▶ [Task details]: Output everything in the data exactly, leaving the pictures out.
----- Raw data -----
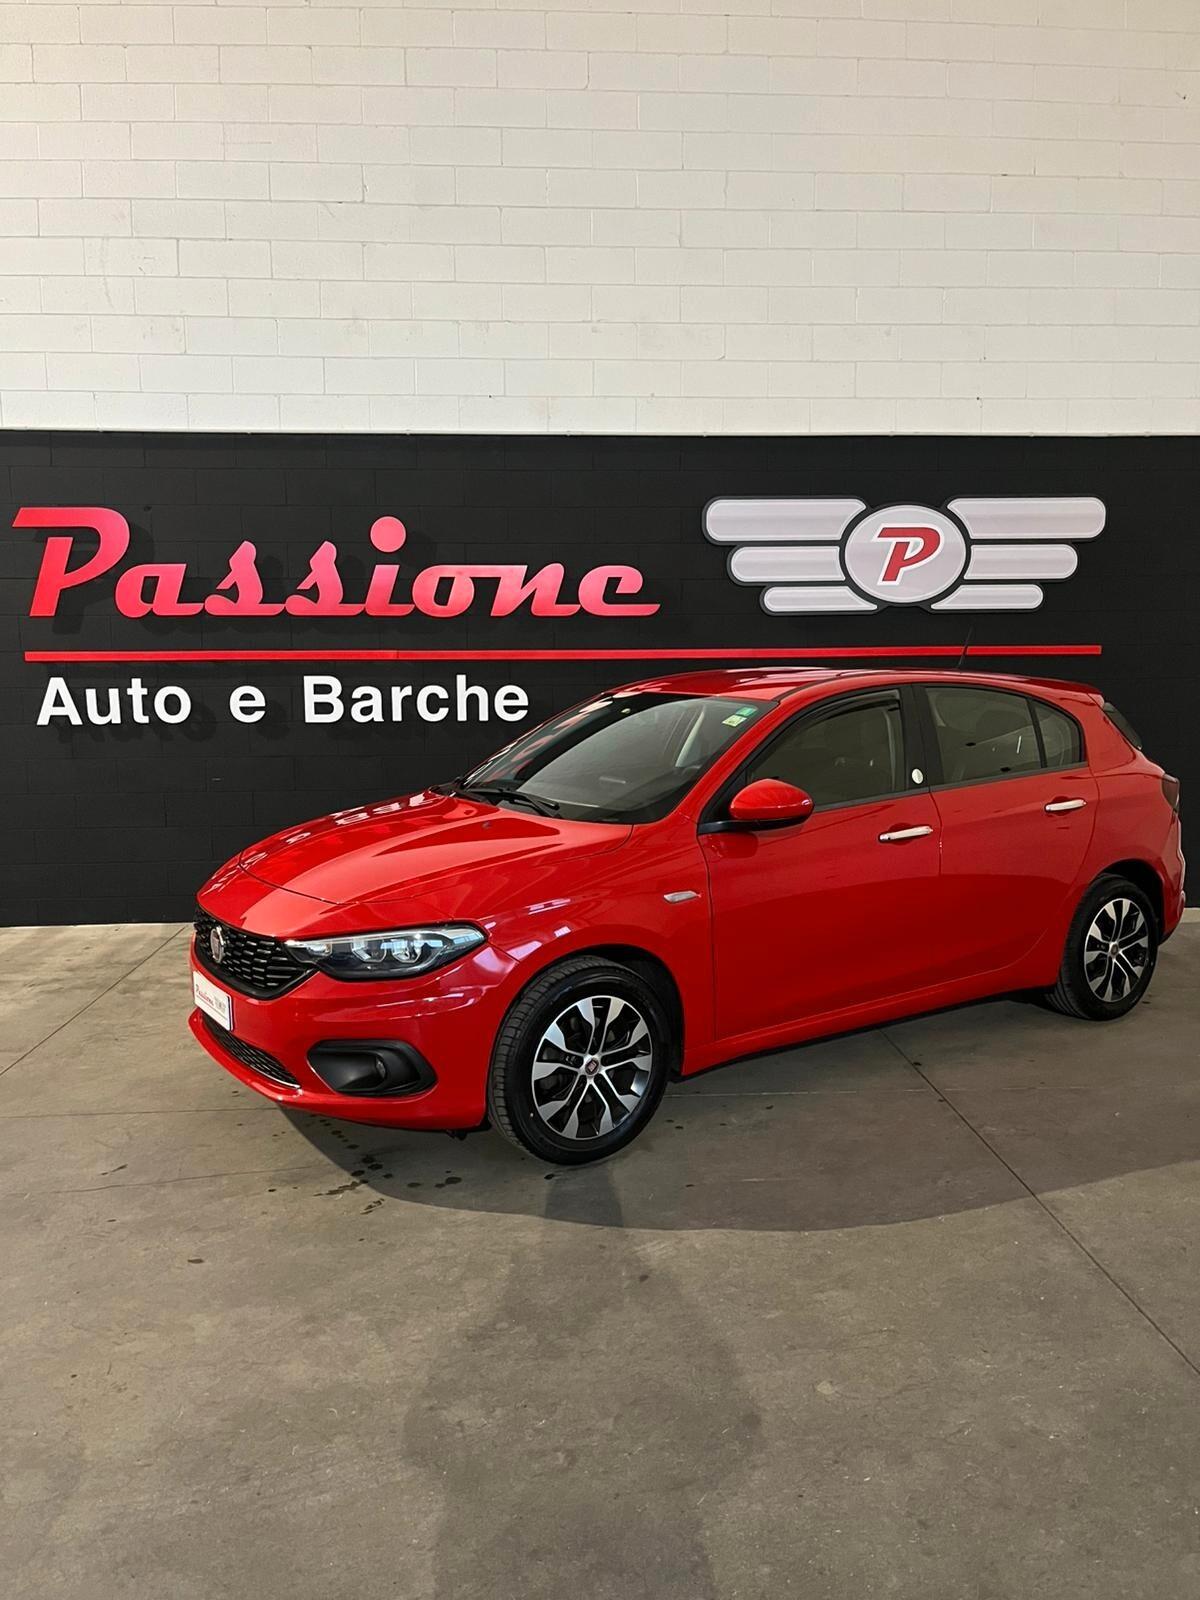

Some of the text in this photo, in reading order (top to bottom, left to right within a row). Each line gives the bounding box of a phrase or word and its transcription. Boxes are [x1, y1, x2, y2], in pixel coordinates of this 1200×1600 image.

[12, 506, 660, 618] Passione
[875, 525, 943, 584] P
[36, 674, 529, 726] Auto e Barche
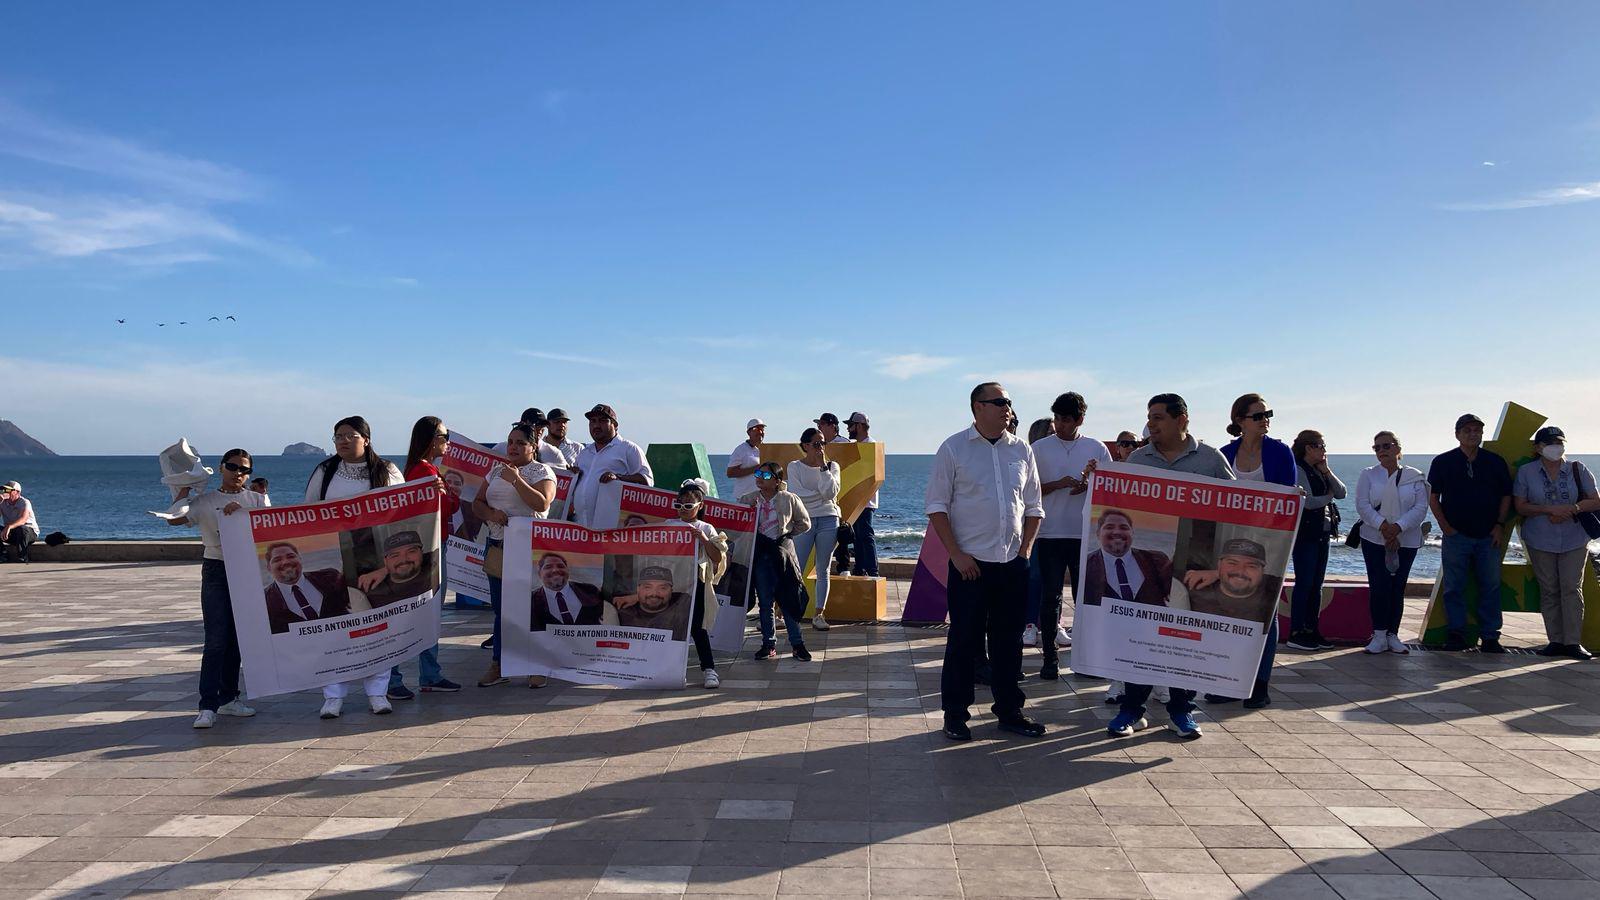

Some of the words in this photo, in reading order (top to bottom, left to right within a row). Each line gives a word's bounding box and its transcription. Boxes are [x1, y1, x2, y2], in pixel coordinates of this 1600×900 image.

[446, 445, 490, 468] PRIVADO
[623, 489, 668, 507] PRIVADO
[1095, 475, 1161, 499] PRIVADO
[1166, 485, 1186, 502] DE
[1191, 489, 1212, 505] SU
[1217, 491, 1296, 516] LIBERTAD
[252, 509, 317, 529] PRIVADO
[320, 507, 340, 520] DE
[343, 502, 362, 518] SU
[366, 486, 435, 513] LIBERTAD
[533, 525, 588, 542] PRIVADO
[592, 532, 608, 542] DE
[612, 532, 628, 542] SU
[632, 530, 692, 544] LIBERTAD
[454, 541, 477, 554] ANTONIO
[299, 626, 323, 636] JESUS
[325, 618, 360, 632] ANTONIO
[362, 604, 408, 625] HERNANDEZ
[410, 597, 427, 610] RUIZ
[1110, 605, 1134, 617] JESUS
[1136, 609, 1174, 623] ANTONIO
[1176, 616, 1230, 632] HERNANDEZ
[1232, 625, 1253, 636] RUIZ
[553, 628, 575, 637] JESUS
[577, 629, 608, 638] ANTONIO
[610, 630, 650, 640] HERNANDEZ
[650, 633, 666, 642] RUIZ
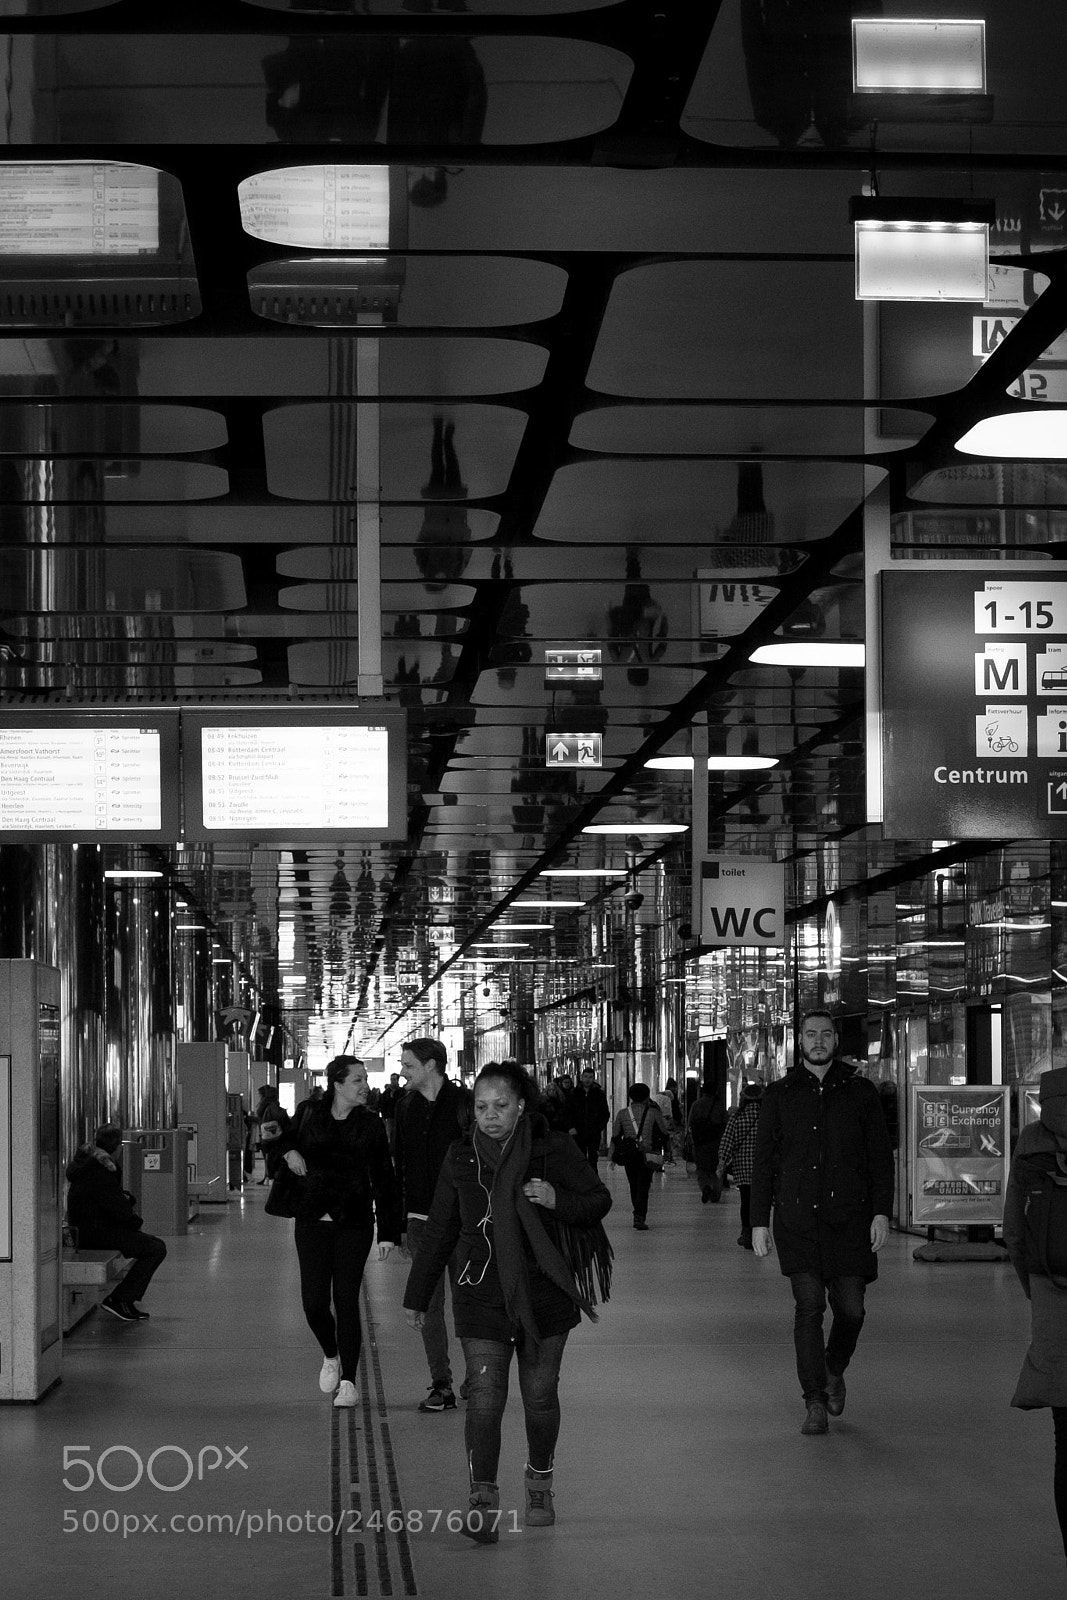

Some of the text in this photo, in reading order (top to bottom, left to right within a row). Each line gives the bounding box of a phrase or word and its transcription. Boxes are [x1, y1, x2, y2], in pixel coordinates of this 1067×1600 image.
-----
▶ [Task result]:
Some of the text in this photo, in reading order (top to bottom, left to right within a row). Each line gives the bounding box of a phrase or word and its transcription. Boxes are [x1, y1, x2, y2], in pixel coordinates of this 1200×1600 image.

[12, 506, 660, 618] Passione
[875, 525, 943, 584] P
[36, 674, 529, 726] Auto e Barche

Some of the words in this photo, in reading order (top to bottom, left to right within a row). Each line gives a word's bounding box and its transcription. Boxes are [x1, y1, x2, y2], in pixel coordinates of this 1600×900 image.

[446, 445, 490, 468] PRIVADO
[623, 489, 668, 507] PRIVADO
[1095, 475, 1161, 499] PRIVADO
[1166, 485, 1186, 502] DE
[1191, 489, 1212, 505] SU
[1217, 491, 1296, 516] LIBERTAD
[252, 509, 317, 529] PRIVADO
[320, 507, 340, 520] DE
[343, 502, 362, 518] SU
[366, 486, 435, 513] LIBERTAD
[533, 525, 588, 542] PRIVADO
[592, 532, 608, 542] DE
[612, 532, 628, 542] SU
[632, 530, 692, 544] LIBERTAD
[454, 541, 477, 554] ANTONIO
[299, 626, 323, 636] JESUS
[325, 618, 360, 632] ANTONIO
[362, 604, 408, 625] HERNANDEZ
[410, 597, 427, 610] RUIZ
[1110, 605, 1134, 617] JESUS
[1136, 609, 1174, 623] ANTONIO
[1176, 616, 1230, 632] HERNANDEZ
[1232, 625, 1253, 636] RUIZ
[553, 628, 575, 637] JESUS
[577, 629, 608, 638] ANTONIO
[610, 630, 650, 640] HERNANDEZ
[650, 633, 666, 642] RUIZ

Some of the text in this photo, in reading order (top to bottom, left to right within a row). Each line gives the bounding box of a phrase or word and its transcription. Boxes are [x1, y1, x2, y2], in pixel coordinates of this 1067×1600 image.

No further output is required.